Deir al-Asafir (دير العصافير; also spelled Dayr al-Assafir or Dair al-Asafir) is a village in southern Syria, administratively part of the Rif Dimashq Governorate, located 12 kilometers southeast of Damascus. It is situated in a heavily farmed area in the Ghouta region. Nearby localities include Babbila to the west, al-Malihah to the northwest, Zabdin to the north, Shabaa to the southwest.

According to the Syria Central Bureau of Statistics, Deir al-Asafir had a population of 6,209 in the 2004 census. Between 1,000 and 1,500 Nawar (Syrians of Turkmen or Dom origin) reside in Deir al-Asafir. They largely reside in a quarter outside the village center. Much of the remaining population are Arab farmers. Starting in the 1960s some of Deir al-Asafir's Turkmen inhabitants also entered the field of agriculture. However, the majority of Turkmen men in work laborers, produce sellers and truck drivers. The hookah bars in tourist-frequented cafes in the Ghouta region is dominated by Turkmen waiters.

==History==
In the 16th-century, towards the end of Mamluk rule in Syria, the revenues of Deir al-Asafir were part of milk (private property previously part of a fief), a quarter of which was owned by Jan Sevar bin Abdullah, a slave girl of the Mamluk Yilbay.

The Nawar of Deir al-Asafir were headed by the al-Tahir family who served as mukhtars for the community. Between the 1930s and 1965 the mukhtar of the Nawar was Abu Jamil al-Tahir (died 1965) who was succeeded by his son Jamil al-Tahir. An agricultural cooperative specializing the breeding of dairy cattle was established in Deir al-Asafir in 1965 under the government's agrarian reforms plan. The land where the cooperative operated was expropriated from lands owned by local landlords. Jamil died in 1967 and was succeeded by his son Ali Jamil al-Tahir. When the mukhtar of Deir al-Asafir died in 1975, his office was briefly occupied by his deputy before power passed to Ali Jamil. Because he was not tied to the traditional power structure i.e. the major landlords, the ruling Ba'ath Party had backed Ali Jamil's ascension to the role of village chief from his previous role as chief of the local Nawar. The Syrian government granted Ali Jamil leadership over local security and allocated 75 rifles and other weapons to his control.

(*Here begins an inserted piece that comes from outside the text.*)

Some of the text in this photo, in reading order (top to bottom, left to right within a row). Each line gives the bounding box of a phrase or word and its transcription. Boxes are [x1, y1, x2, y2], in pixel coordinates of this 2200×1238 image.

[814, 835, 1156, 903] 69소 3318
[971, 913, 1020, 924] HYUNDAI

Friction between the Nawar and the farmer population of Deir al-Asafir grew following Ali Jamil's ascent to power. According to Ali Jamil, "In the old days the farmers beat us, now we beat them." In 1982 he was replaced as mukhtar by a farmer, Abu Sliman, who was still mukhtar in 2004. Ali Jamil later served a three-year jail sentence for the illegal registration of Lebanese Turkmen refugees from the Lebanese Civil War as Syrian citizens. The Nawar of Deir al-Asafir are allegedly banned from traveling outside of Syria, particularly to the Arab world, because of Ali Jamil's actions. He is still generally viewed by the Nawar of Deir al-Asafir as their mukhtar.

Deir al-Asafir has seen violence during the ongoing Syrian Civil War between the Syrian government and opposition forces which began in 2011. The village was reportedly under rebel control. Heavy clashes between rebels and security forces in Deir al-Asafir were reported by opposition activists on 11 August 2012. On 8 September 2012 the state-run Syrian Arab News Agency reported that the Syrian Army killed a large number of opposition rebels during an operation in Deir al-Asafir. On 26 November 2012 activists reported that 10 children, all below the age of 15, were killed in a playground in Deir al-Asafir after a Syrian MiG fighter jet dropped cluster bombs on the area. On 19 May 2016 the Syrian Arab Army recaptured the settlement as part of a wider operation to close the smaller rebel-controlled pocket of the Eastern Ghouta.